Attorney Ivan Bates joins race for Baltimore State’s Attorney, citing need to address city’s violence

Defense attorney Ivan Bates announced he will run for Baltimore State’s Attorney in the June Democratic primary election, bringing his second try for the job of the city’s top prosecutor.


Bates, 53, of Locust Point, founded and runs the downtown law firm of Bates & Garcia, P.C., and in recent years has represented people arrested by rogue officers of the Gun Trace Task Force. Bates sought to unseat Baltimore State’s Attorney Marilyn Mosby in the 2018 Democratic primary and finished second in the three-way race with 28% of the vote.

“Baltimore now is looking for new leadership because leadership has failed us. We’re approaching 300 murders,” he said before the city reached the grim homicide milestone Wednesday. “You have an individual who was murdered in church. You have individuals who are now more brazen, more violent. It’s not about a popularity contest. It’s about who is the best lawyer for the job.”
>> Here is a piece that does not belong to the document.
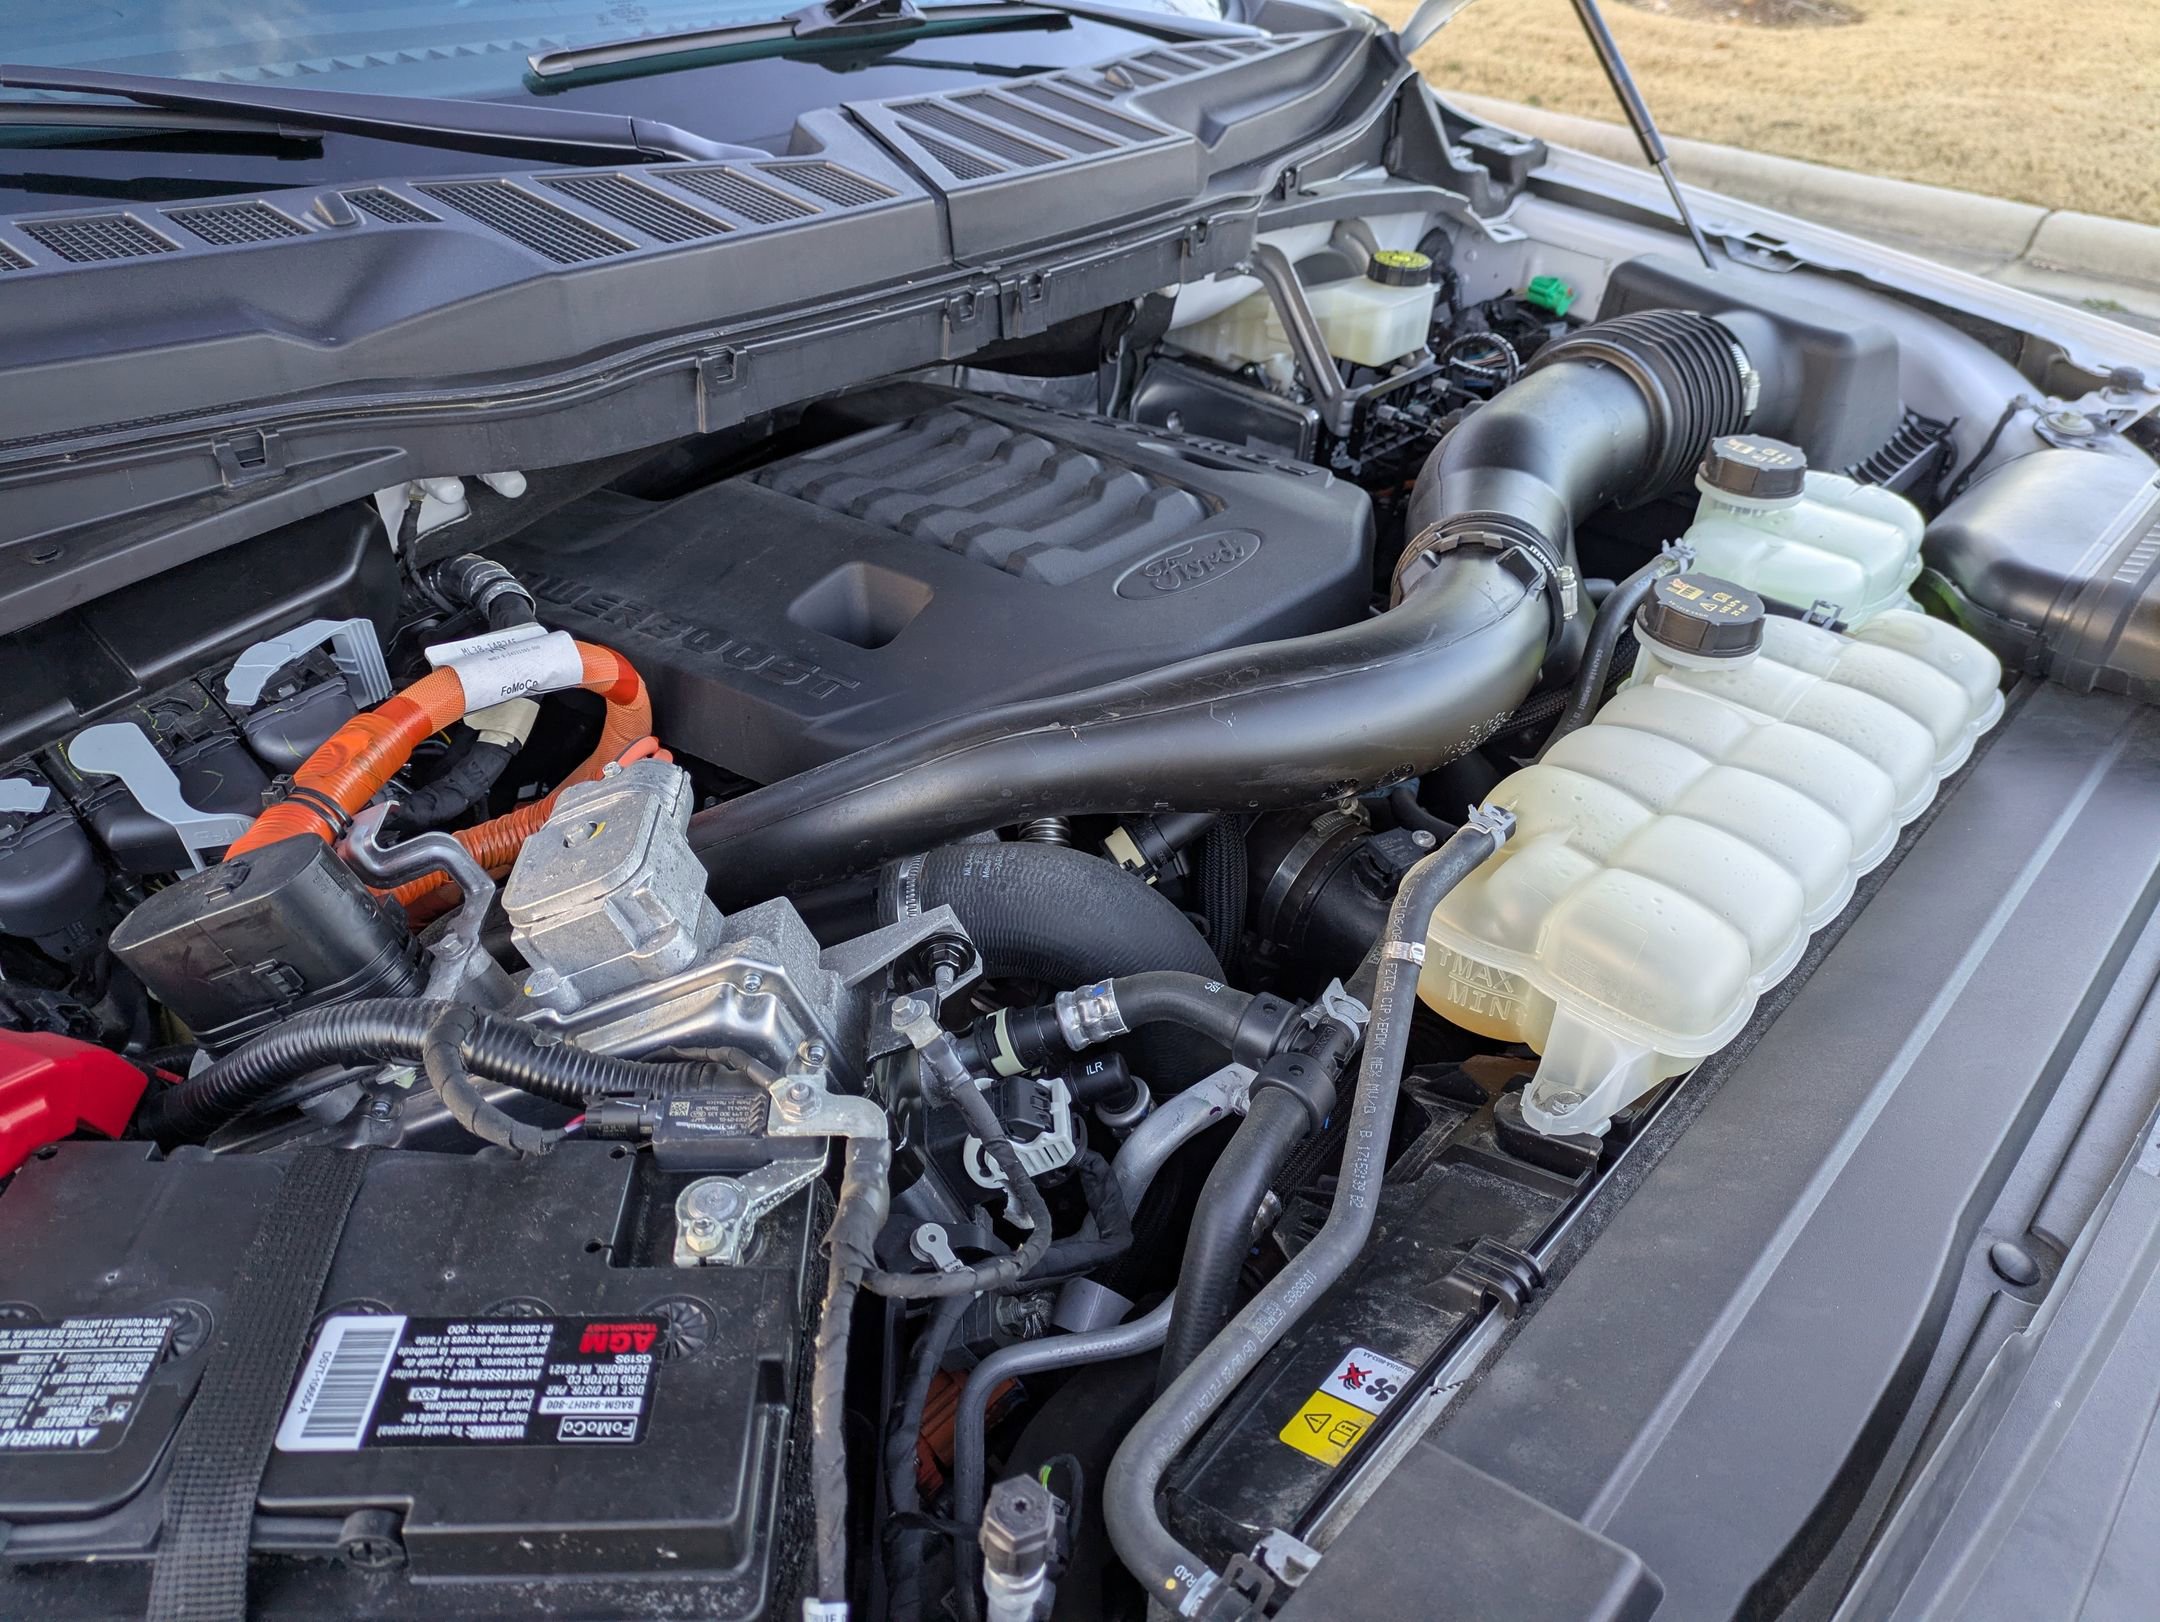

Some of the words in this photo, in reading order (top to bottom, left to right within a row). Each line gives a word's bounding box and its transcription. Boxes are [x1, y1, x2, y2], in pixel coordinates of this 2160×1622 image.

His announcement comes two months after defense attorney Roya Hanna launched her campaign for the Democratic primary. Mosby, who’s closing out her second term in office, has not publicly announced whether she will seek re-election but her campaign has planned a fundraiser Thursday evening at Baltimore Soundstage.

Attorney Ivan Bates is running for Baltimore State’s Attorney in the June Democratic primary election, his second attempt at the office.

Bates touted his varied experience, from his years in the U.S. Army to attending Howard University on the GI Bill, to law school at William & Mary, then legal work in Los Angeles before moving to Baltimore in 1995. He served six years as an assistant state’s attorney in the administration of Patricia Jessamy before heading into private practice. He opened his own firm in 2006.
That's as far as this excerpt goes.